How tags improve signal
Tags let the feedback loop separate compound effects from confounders. A drop in energy on a "poor sleep" or "illness" day is context and does not penalize the stack. Two weeks of "jitteriness" tags clustered inside the dose window of a new pre-workout is a side-effect pattern worth isolating, and the ranking model responds by down-weighting that compound's confidence until the cluster resolves or the dose is changed. Context tags also protect adherence signal — a "travel" day with a missed dose is coded differently from a routine miss, which keeps the correlation metadata honest and feeds cleaner inputs to the recommendation ranking.
Tag hygiene over time
A tag library that started tidy at onboarding will drift after two months of real use. Unfair runs a lightweight cleanup prompt every 60 days that does four things — merges near-duplicate tags ("headache" and "head pain"), archives tags with zero uses in the last 45 days, flags tags with more than 150 uses for subcategory review, and asks the user to retire custom tags they have added but stopped using. The goal is a library that stays readable, not a library that grows forever.
A numeric example
A user on a pre-workout trial rates focus 4/10 on three days in week 2. Without tags, those three scores drag the trend toward "ineffective." With tags, the picture is different — day 9 is tagged "poor sleep, deadline," day 11 is tagged "new pre-workout, jittery, GI upset," and day 13 is tagged "fasted, heavy lift." The model treats day 9 as confounded, day 11 as a side-effect cluster against the new compound, and day 13 as a meal-state artefact. The single rating becomes three different pieces of information. In practice, that is the difference between abandoning a compound and identifying a dose-timing fix.
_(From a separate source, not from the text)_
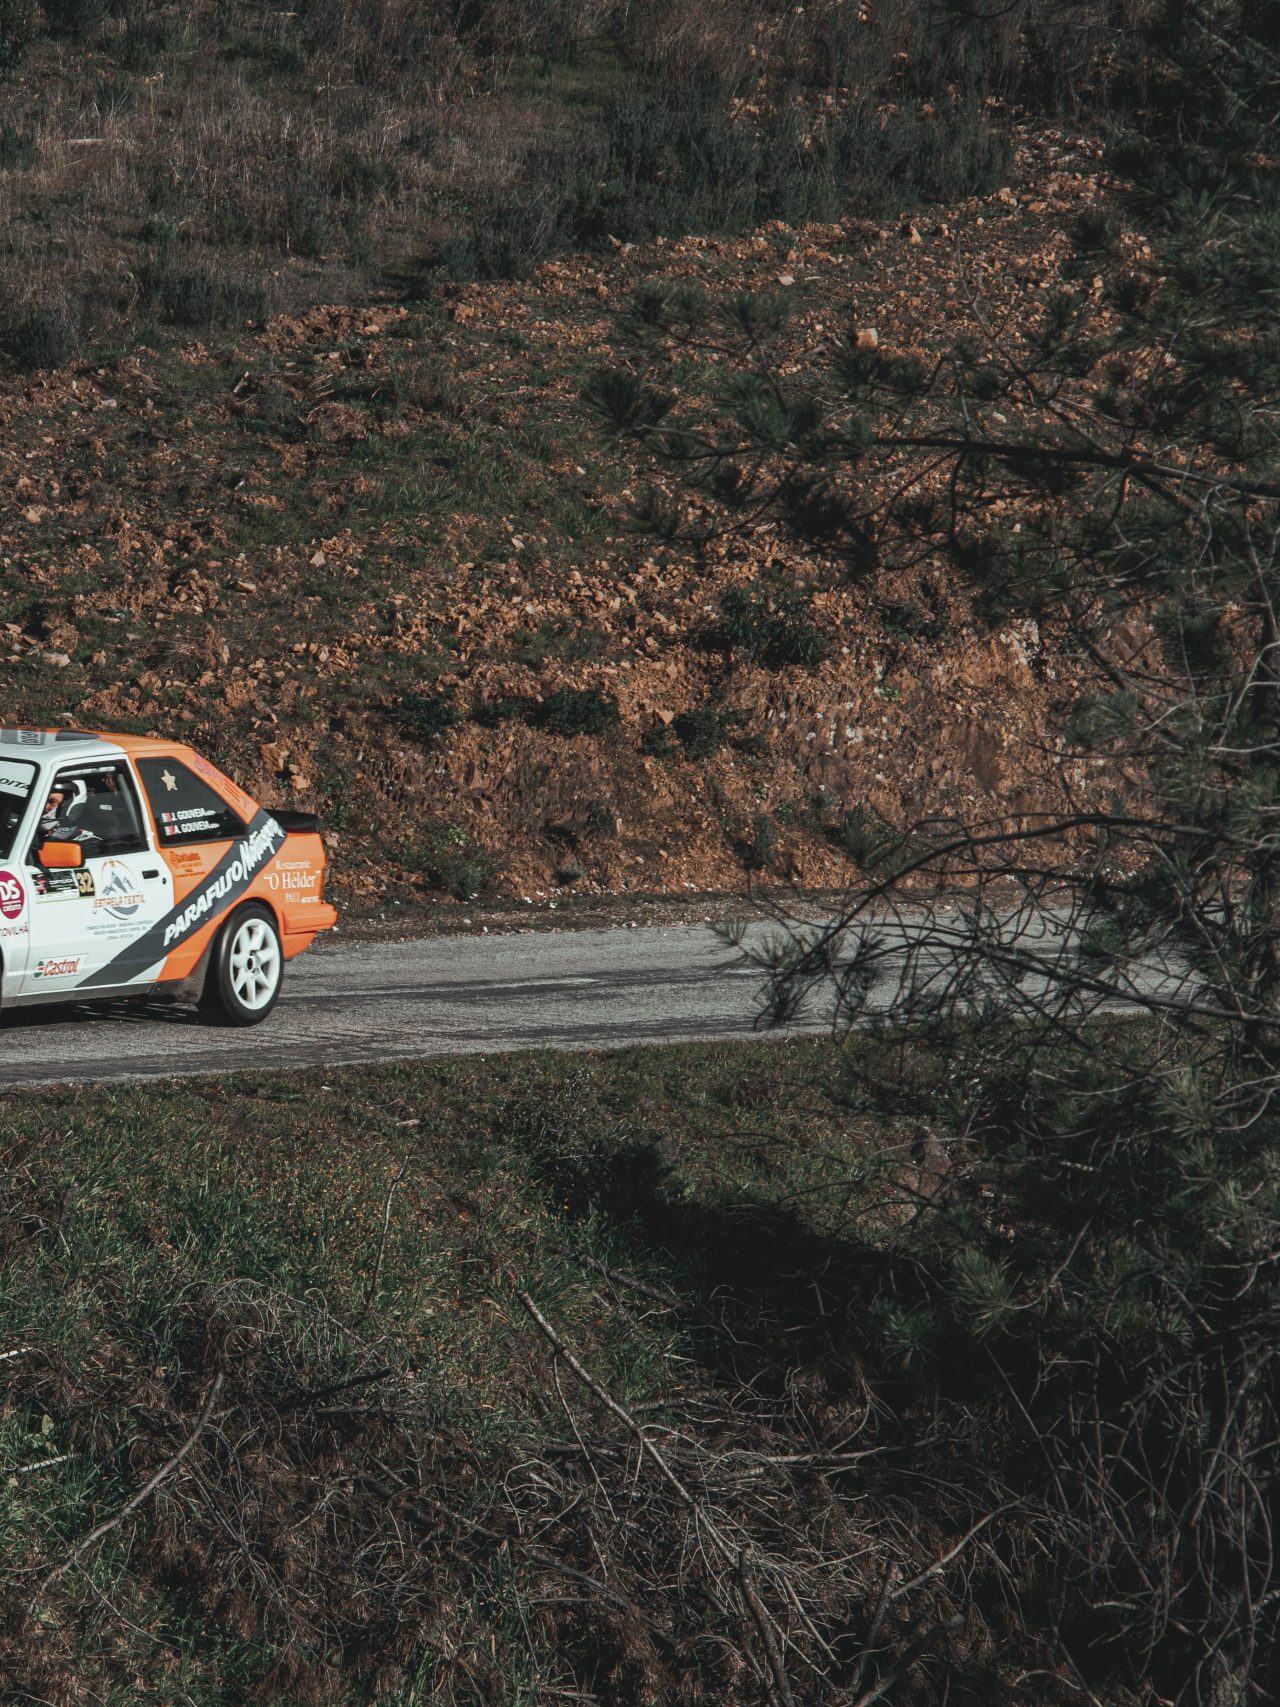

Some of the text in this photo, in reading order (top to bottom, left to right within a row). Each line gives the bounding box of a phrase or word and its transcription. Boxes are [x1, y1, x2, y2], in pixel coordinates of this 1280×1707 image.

Rules for when a tag triggers a ranking change
Not every tag moves the model. A single "headache" tag on a busy day does nothing; a repeated pattern is what the feedback loop treats as signal. The thresholds are intentionally conservative to avoid penalizing a compound for one bad day:
- Three or more occurrences of the same side-effect tag inside a 14-day window, with at least two of them inside the active dose window of a specific compound, down-weights that compound's ranking confidence.
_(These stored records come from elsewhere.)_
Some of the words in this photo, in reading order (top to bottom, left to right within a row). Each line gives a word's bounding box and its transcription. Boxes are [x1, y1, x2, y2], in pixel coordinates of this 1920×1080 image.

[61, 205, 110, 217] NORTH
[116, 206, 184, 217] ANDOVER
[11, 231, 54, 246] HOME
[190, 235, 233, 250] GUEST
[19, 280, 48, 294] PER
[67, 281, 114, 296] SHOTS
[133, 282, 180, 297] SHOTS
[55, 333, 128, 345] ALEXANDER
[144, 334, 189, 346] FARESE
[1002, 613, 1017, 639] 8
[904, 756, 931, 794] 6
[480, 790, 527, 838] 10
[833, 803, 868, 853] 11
- Two or more severe-symptom tags (regardless of window) suspend the compound from the ranked feed and surface a clinician resource.
- Context tags never penalize a compound — they only prevent the day's outcome scores from being counted against it.
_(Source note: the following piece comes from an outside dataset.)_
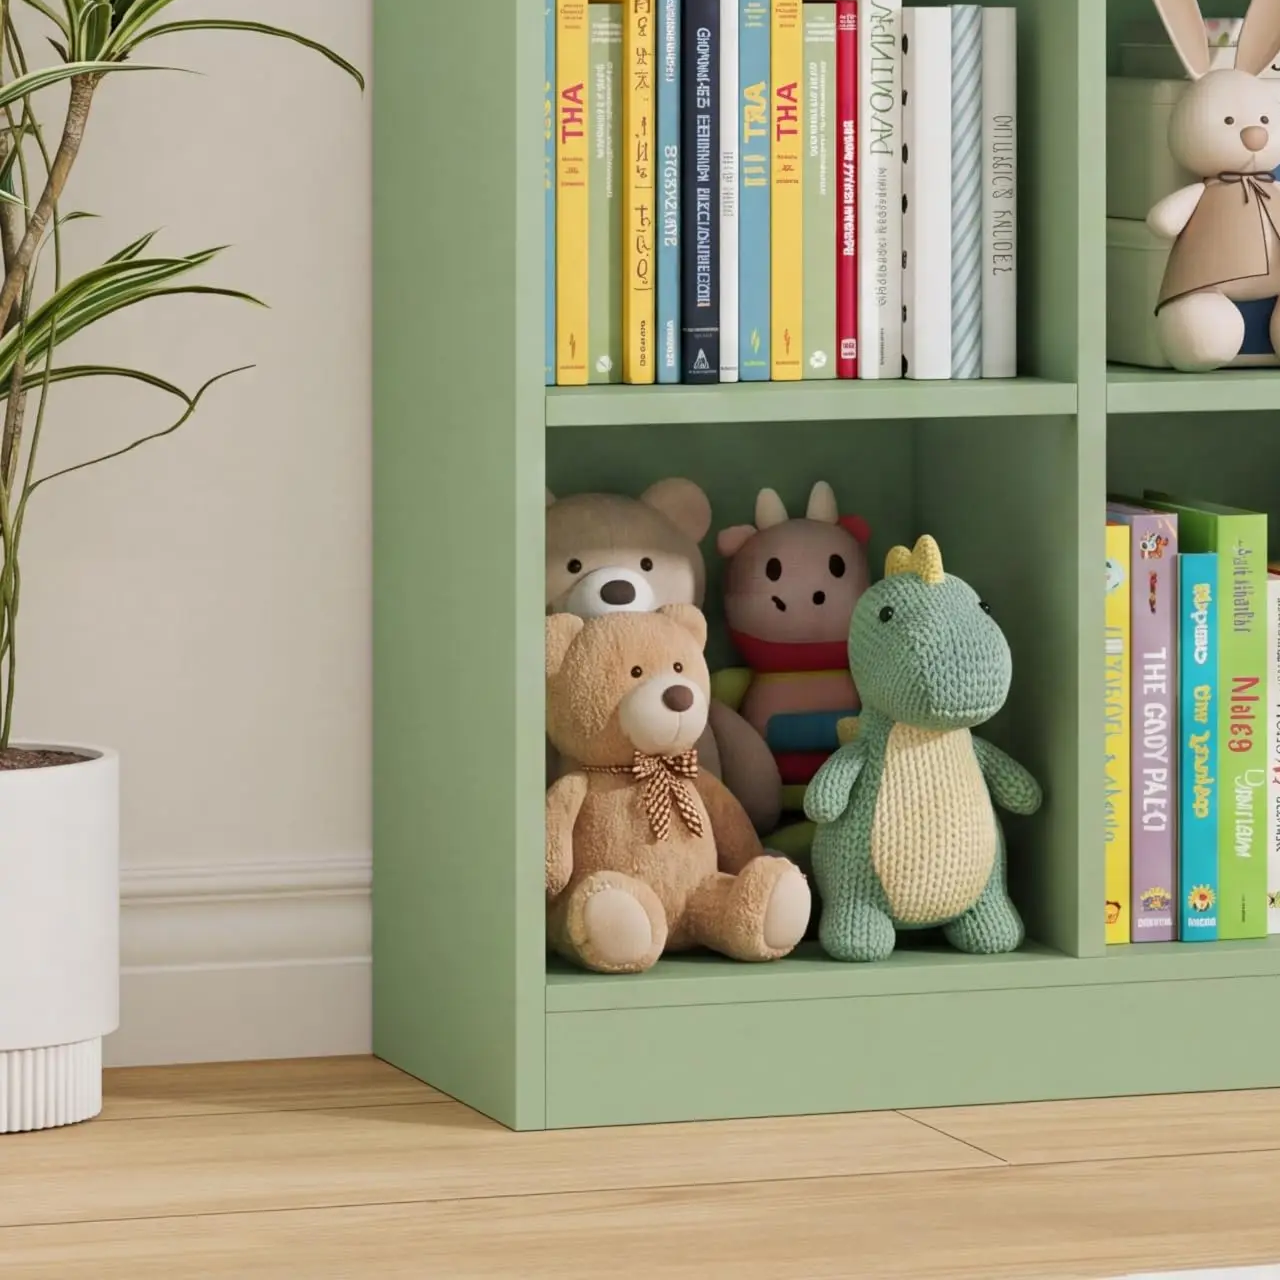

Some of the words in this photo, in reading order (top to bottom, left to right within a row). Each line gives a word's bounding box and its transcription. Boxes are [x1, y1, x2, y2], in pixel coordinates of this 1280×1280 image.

[562, 83, 584, 144] THA
[776, 82, 798, 142] THA
[1143, 647, 1167, 694] THE
How this appears in Unfair
Tags are available inside the daily check-in, attached to any dose event from one-tap dose logging via the long-press action, and available as standalone ad-hoc entries from the Today tab. The review screen filters and groups by tag so patterns across a stack cycle are legible at a glance, and clustered side-effect tags feed directly into the compound-level confidence scoring that shapes the recommendation ranking.
Clinical safety note
A small set of severe-symptom tags (chest pain, syncope, rash spreading, severe abdominal pain, suicidal ideation) is not routine data. When any of these tags fire, Unfair pauses optimization nudges and surfaces clinician and crisis resources immediately. These are flags for human care, not inputs to a ranking cycle.